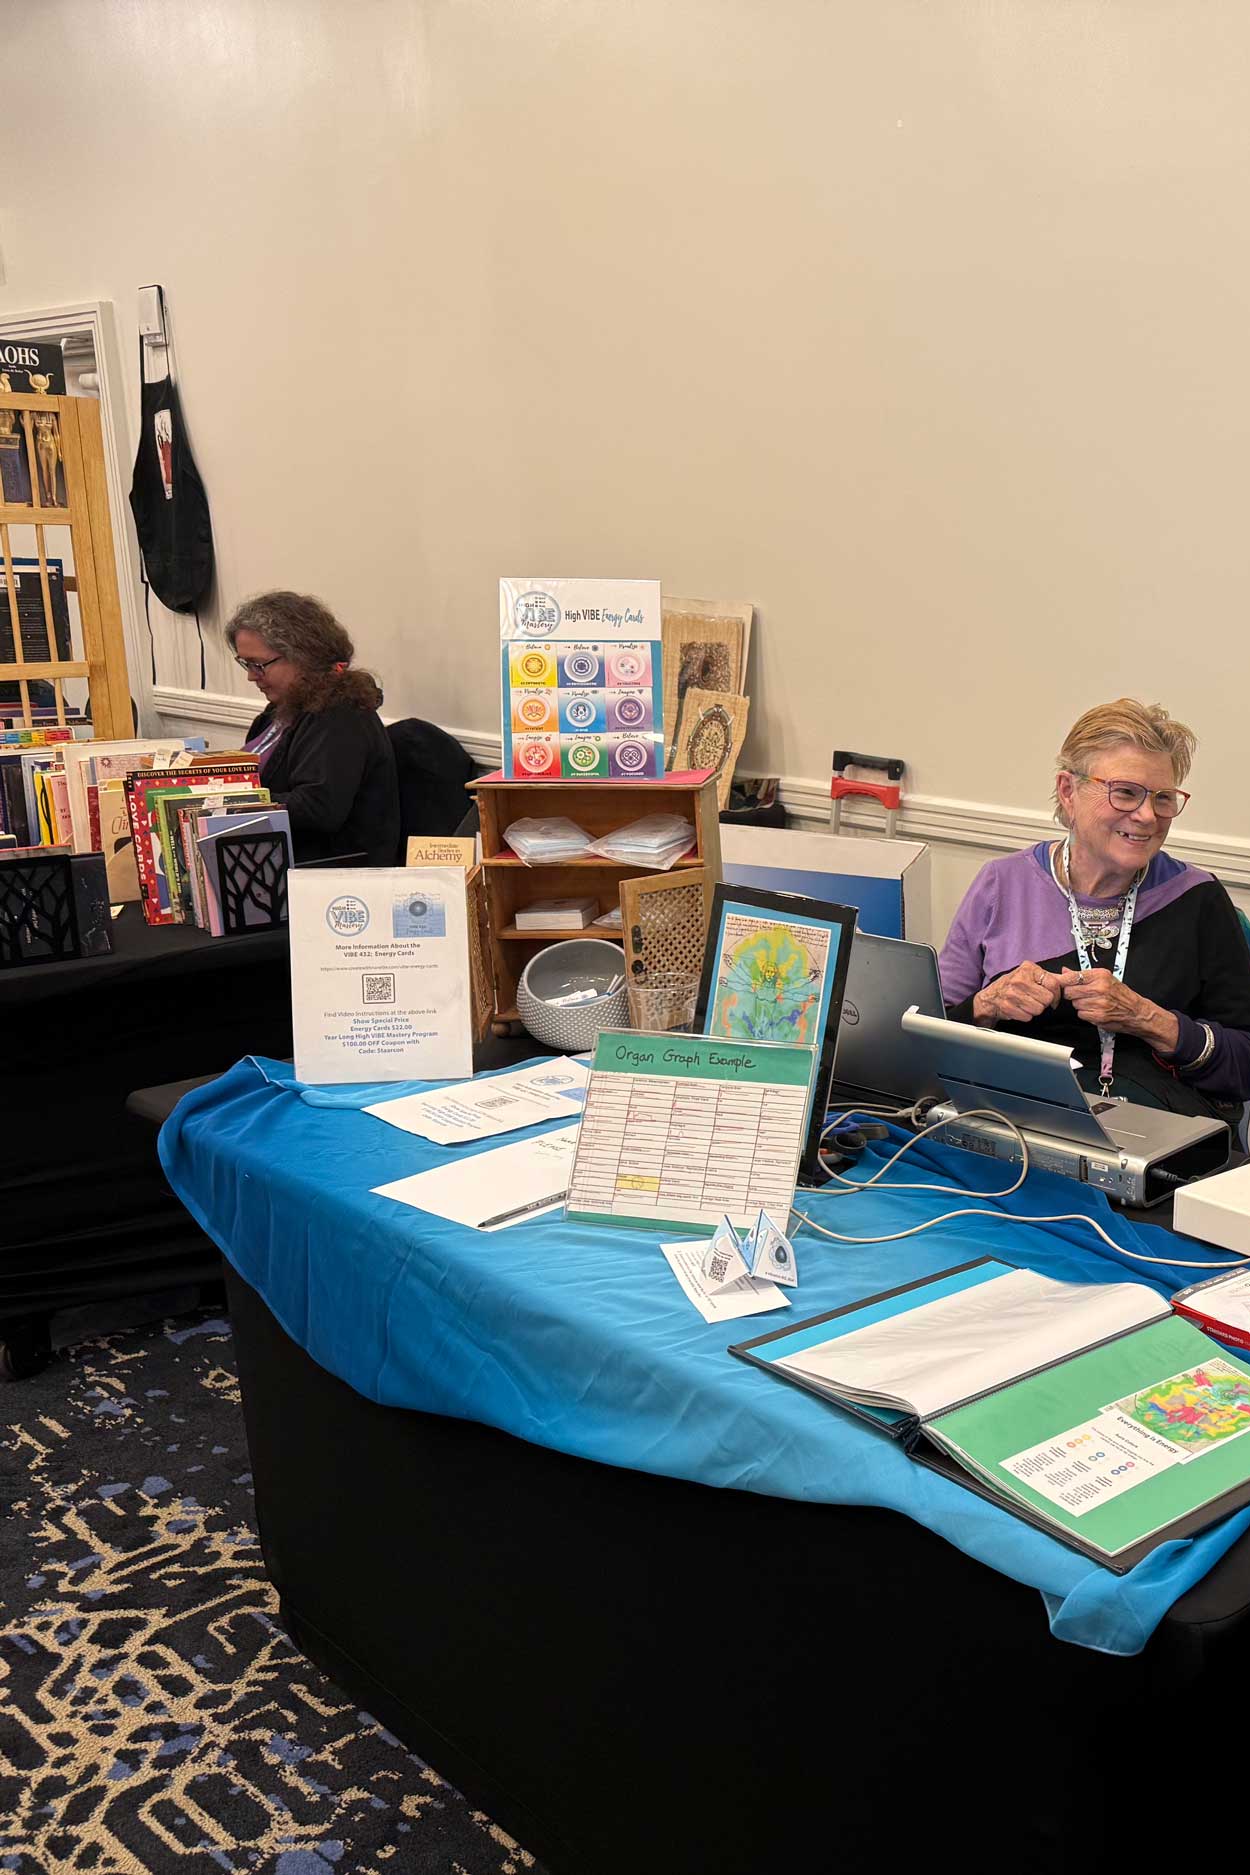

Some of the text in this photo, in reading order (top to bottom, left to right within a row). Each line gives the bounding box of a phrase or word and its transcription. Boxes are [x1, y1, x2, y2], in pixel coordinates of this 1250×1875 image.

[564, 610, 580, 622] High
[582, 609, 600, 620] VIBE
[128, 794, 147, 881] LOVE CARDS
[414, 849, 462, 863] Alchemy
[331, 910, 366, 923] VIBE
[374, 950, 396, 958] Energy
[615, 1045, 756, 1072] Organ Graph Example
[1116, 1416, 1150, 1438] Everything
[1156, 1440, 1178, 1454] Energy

++++

*WHAT IS REQUIRED*
Copy the listing exactly, omitting pictures.

*ANSWER TO THIS TASK*
Some of the text in this photo, in reading order (top to bottom, left to right within a row). Each line gives the bounding box of a phrase or word and its transcription. Boxes are [x1, y1, x2, y2], in pixel coordinates of this 1250×1875 image.

[564, 610, 580, 622] High
[582, 609, 600, 620] VIBE
[128, 794, 147, 881] LOVE CARDS
[414, 849, 462, 863] Alchemy
[331, 910, 366, 923] VIBE
[374, 950, 396, 958] Energy
[615, 1045, 756, 1072] Organ Graph Example
[1116, 1416, 1150, 1438] Everything
[1156, 1440, 1178, 1454] Energy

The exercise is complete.